Et pourtant, le syndicalisme se doit de ne pas se confiner aux seuls problèmes de l'entreprise ; il est de son rôle de s'exprimer sur les problèmes de notre société. Qui oserait dire que l'école n'est pas de ceux-là ? L'intervention spécifique des travailleurs sur l'école n'est pas un anachronisme. L'éducation concerne le syndicalisme ouvrier ; les liens entre qualification, conditions de travail, salaires et la formation reçue sont évidents. Pour la CFDT, l'auto-gestion, c'est également la diffusion du savoir ; le système éducatif occupe donc une place centrale. Plus spécifiquement, qu'il s'agisse de stages d'enseignants, d'élèves en entreprises, de discuter de l'implantation des établissements scolaires, du nombre de classes, des rythmes de travail à l'école... La C.F.D.T. considère qu'il s'agit d'axes qui permettent aux travailleurs d'agir à partir de situations concrètes. Deux conséquences au moins pour nous à tirer de cette volonté :

Nous n'avons sans doute pas encore assez mesuré notre responsabilité comme représentants des travailleurs en matière d'éducation ; la manière dont les jeunes, aujourd'hui, demain, seront prêts à se battre pour changer la vie dépend, en partie, de la capacité que nous avons de leur proposer un système d'éducation qui leur permette concrètement d'apprendre, de penser, de vivre autrement qu'en fidèles reproducteurs de la société capitaliste !
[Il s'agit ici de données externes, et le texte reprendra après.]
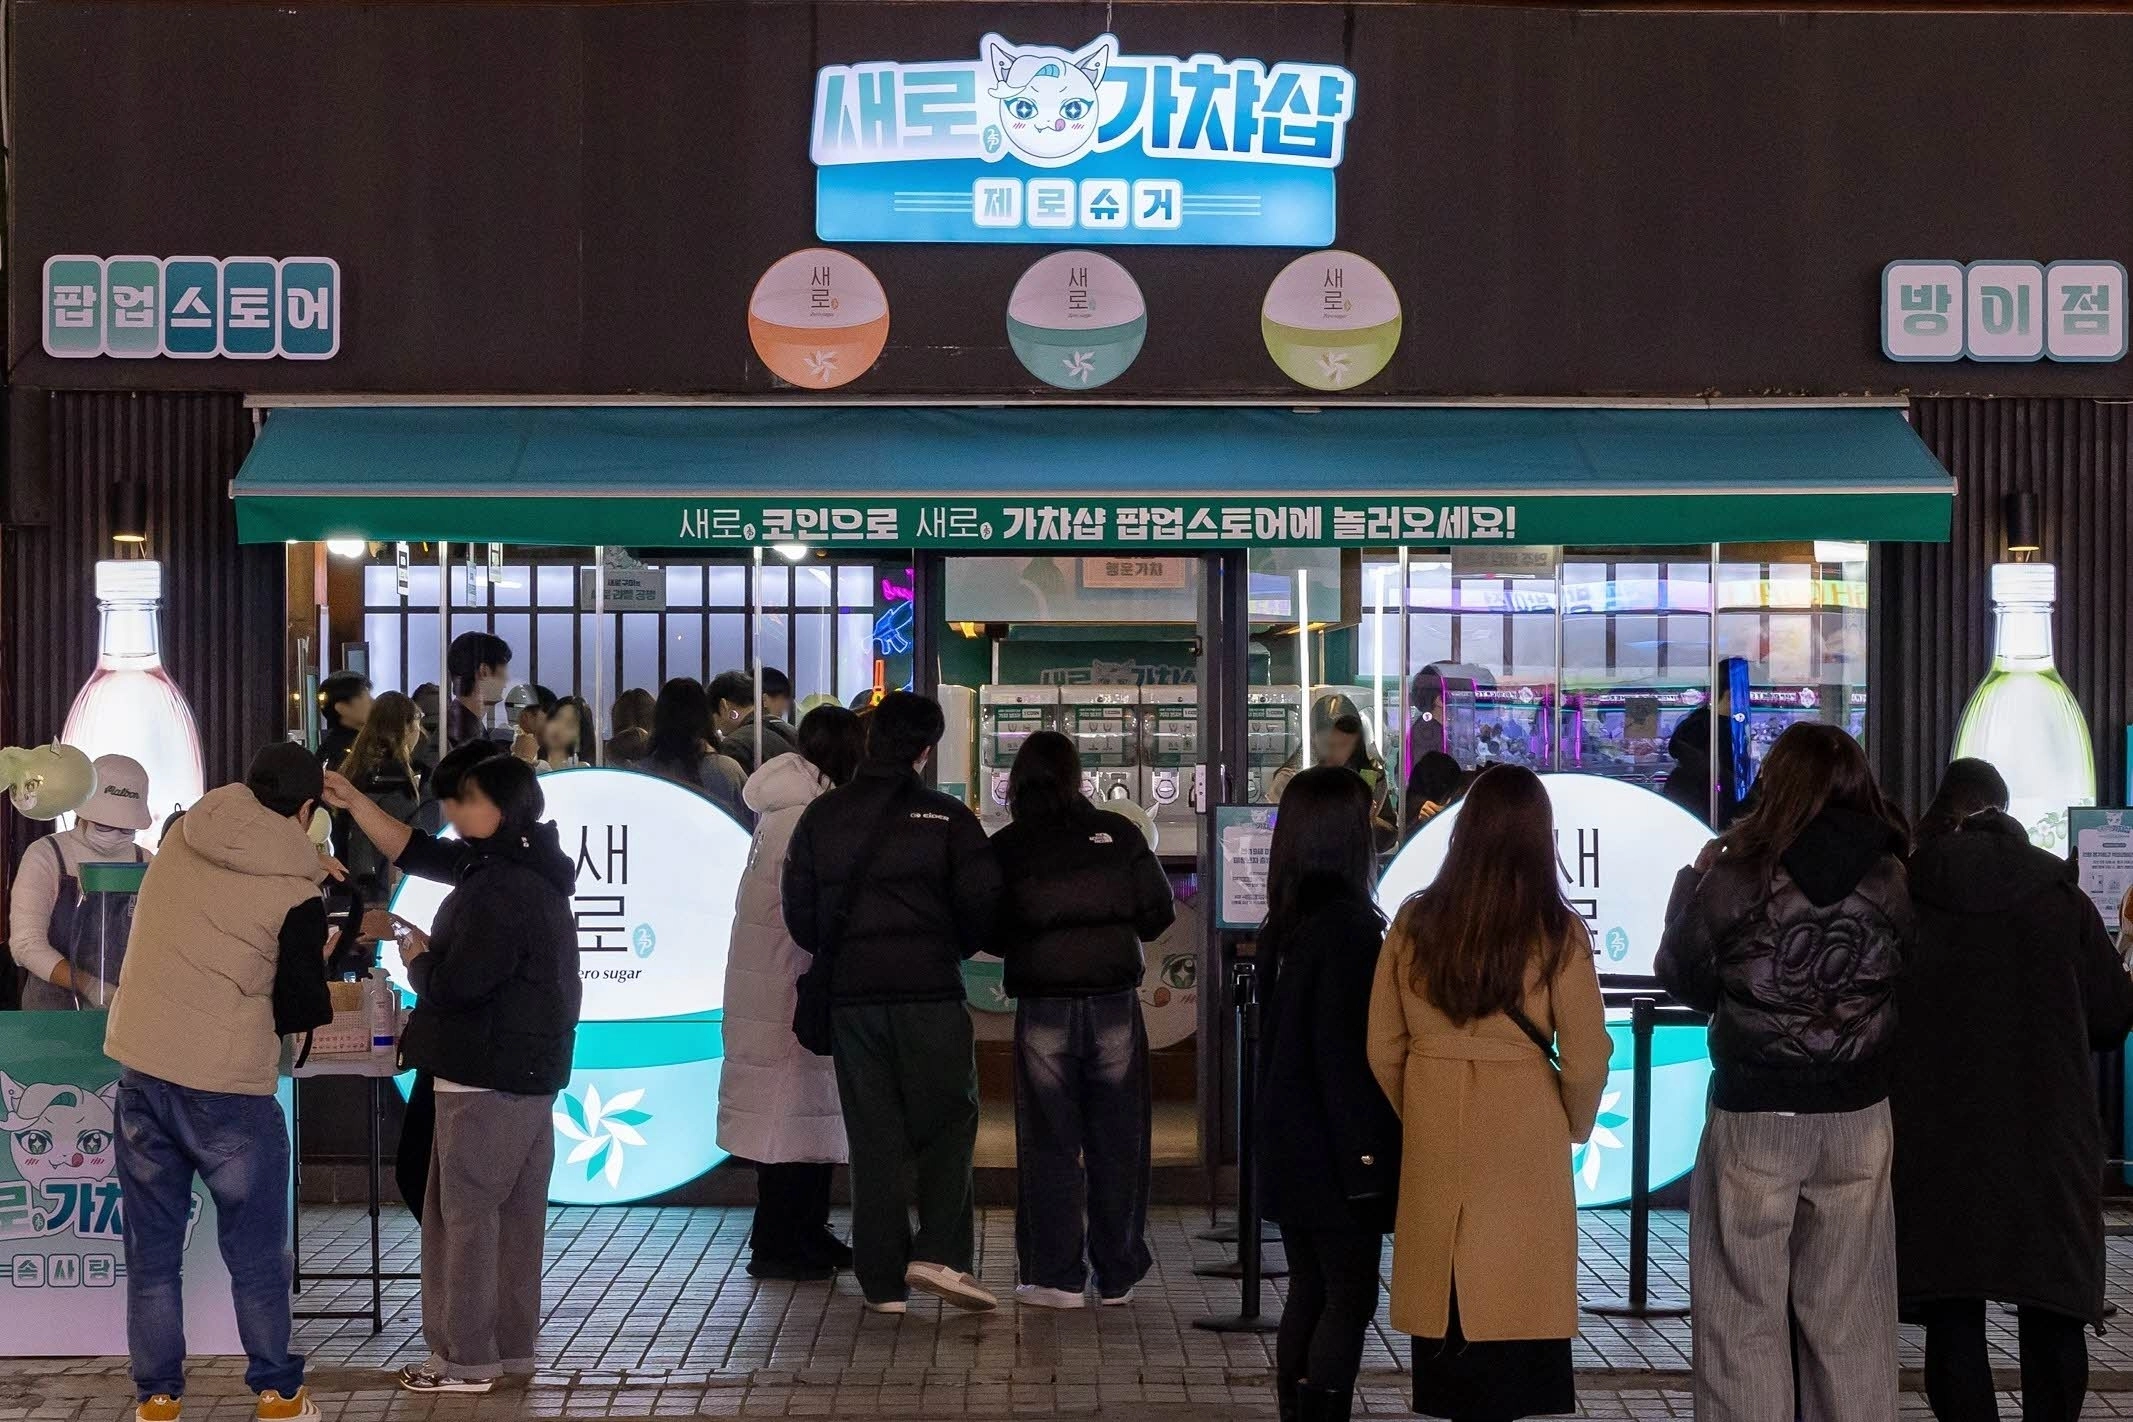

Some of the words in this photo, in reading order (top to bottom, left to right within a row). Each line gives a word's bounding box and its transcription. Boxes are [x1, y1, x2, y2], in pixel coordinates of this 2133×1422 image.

[822, 70, 979, 150] 새로
[1098, 64, 1344, 158] 가챠샵
[54, 285, 328, 330] 팝업스토어
[1900, 284, 2109, 336] 방이점
[680, 508, 742, 539] 새로
[762, 508, 898, 541] 코인으로
[916, 506, 979, 538] 새로
[1003, 506, 1106, 540] 가챠샵
[1116, 507, 1322, 540] 팝업스토어에
[1333, 506, 1516, 540] 놀러오세요!
[577, 969, 600, 979] ero
[602, 969, 642, 983] sugar
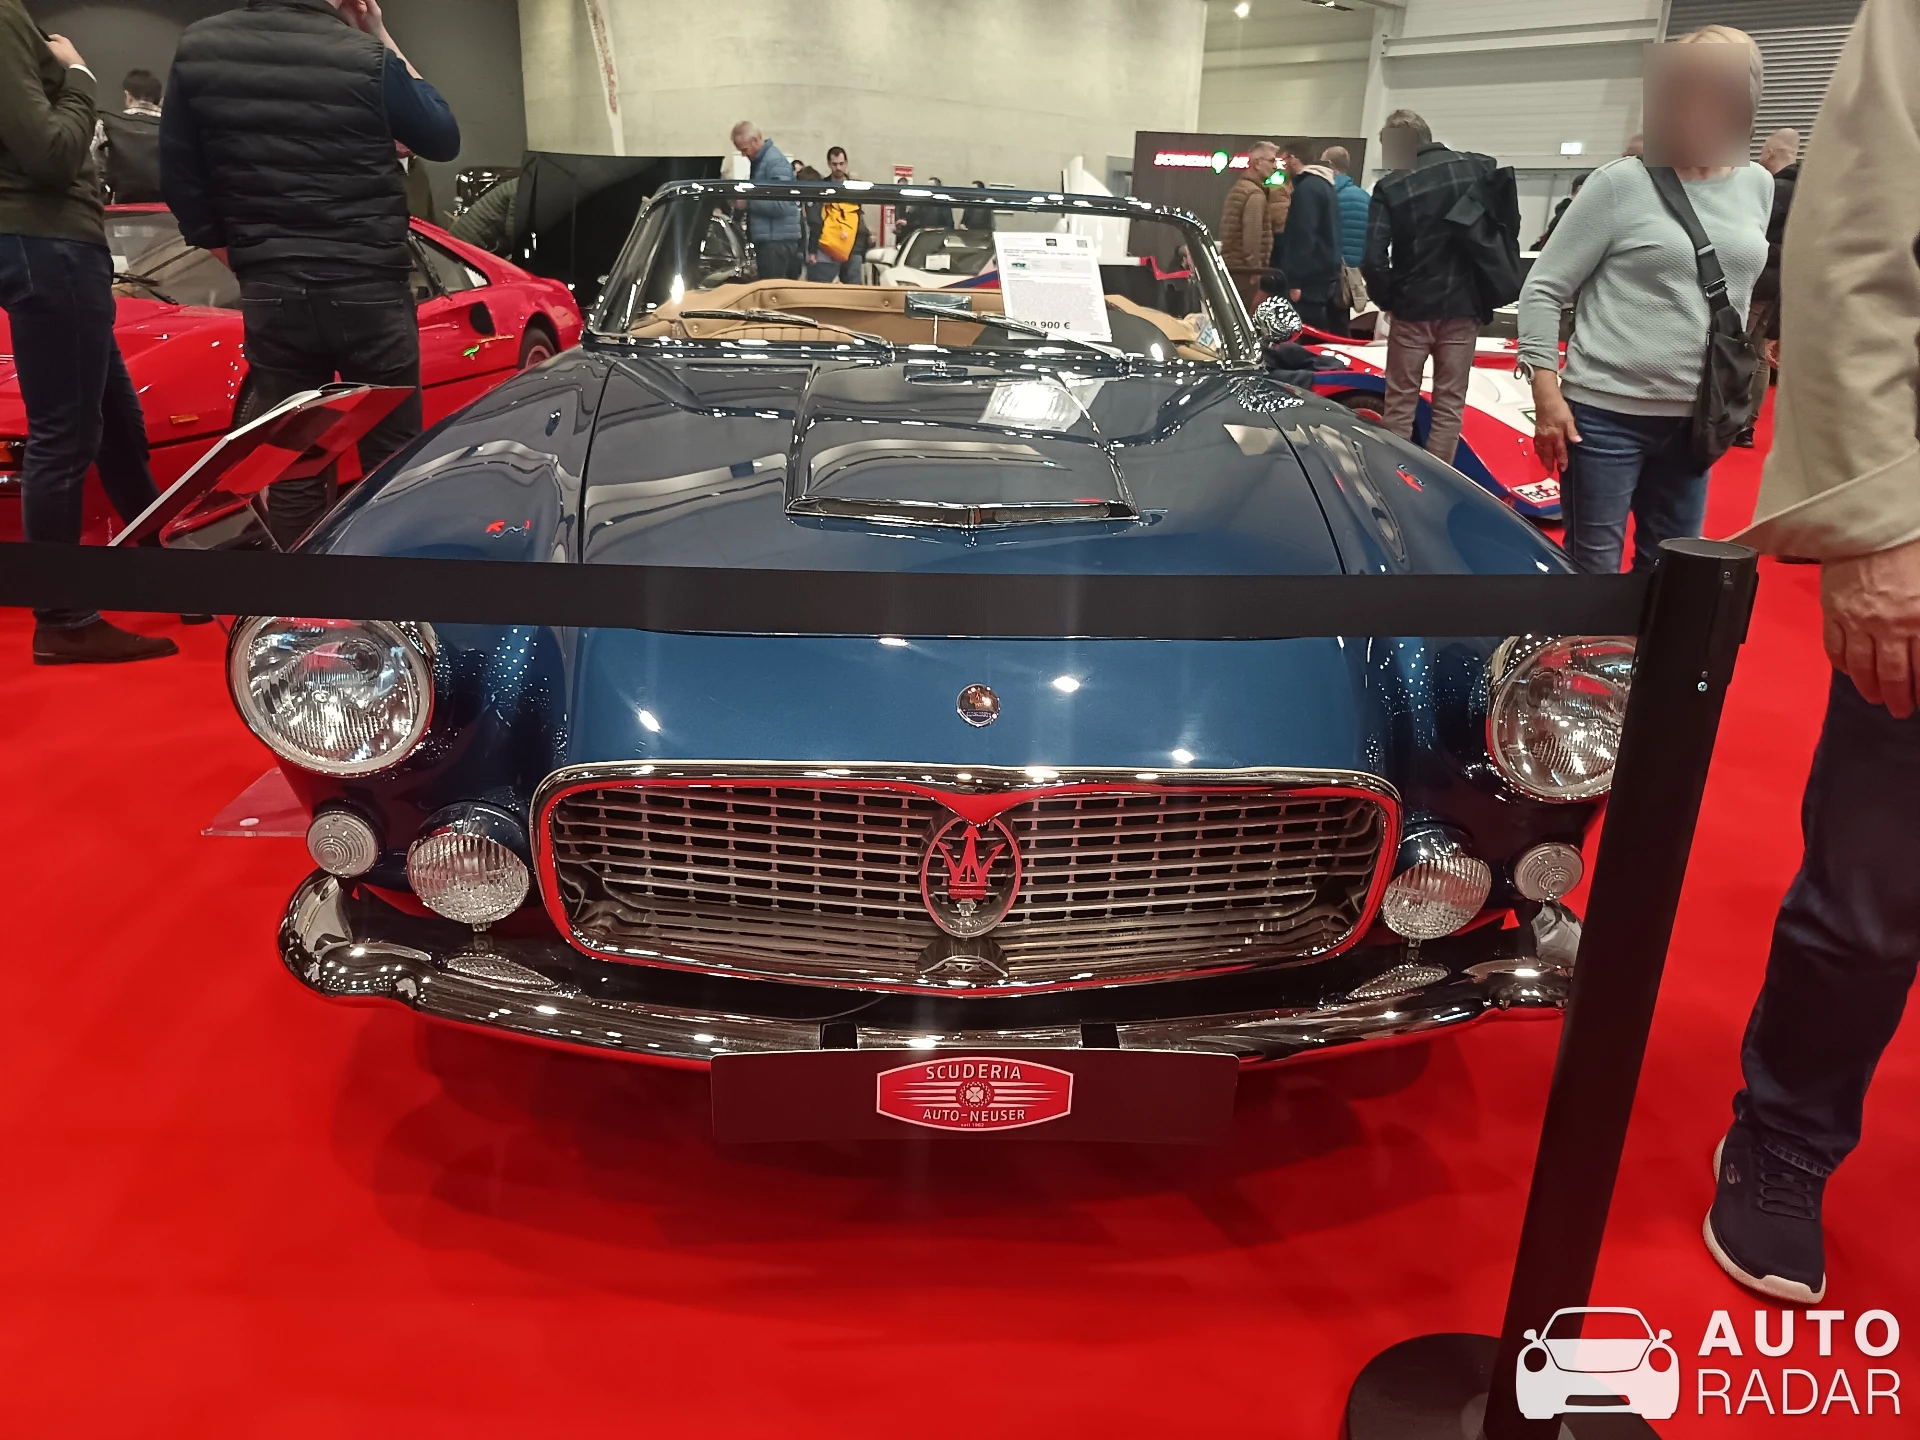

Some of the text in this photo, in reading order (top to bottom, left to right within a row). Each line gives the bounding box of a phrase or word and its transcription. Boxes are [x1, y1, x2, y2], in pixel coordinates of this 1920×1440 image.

[1040, 321, 1060, 329] 900
[926, 1063, 1021, 1080] SCUDERIA
[922, 1108, 1025, 1123] AUTO-NEUSER
Reconnaître nos différences d'approche avec nos camarades enseignants, ce n'est pas une faiblesse mais à l'inverse une nécessité pour un travail commun de rénovation profonde de notre système public d'éducation, auquel nous tenons, suffisamment même pour savoir le critiquer. Toute faiblesse en ce domaine, c'est, en fait, permettre à la stratégie patronale de se développer face à un monde enseignant qui pourrait avoir tendance à se recroqueviller . Dans cette confrontation, parfois difficile, toujours fondamentale, le fait de se retrouver enseignant et travailleur, dans une même confédération syndicale, n'est pas un mince atout.

Décidément, l'école est bien un enjeu de société et nous sommes, tous ensemble, pour la changer, au pied du mur.

 

Georges Bégot et Dominique Schalchi, secrétaire national chargé des problèmes d'éducation et secrétaire confédéral au secteur éducation permanente de la C.F.D.T. in Le Monde du 28 février 1980, p. 18.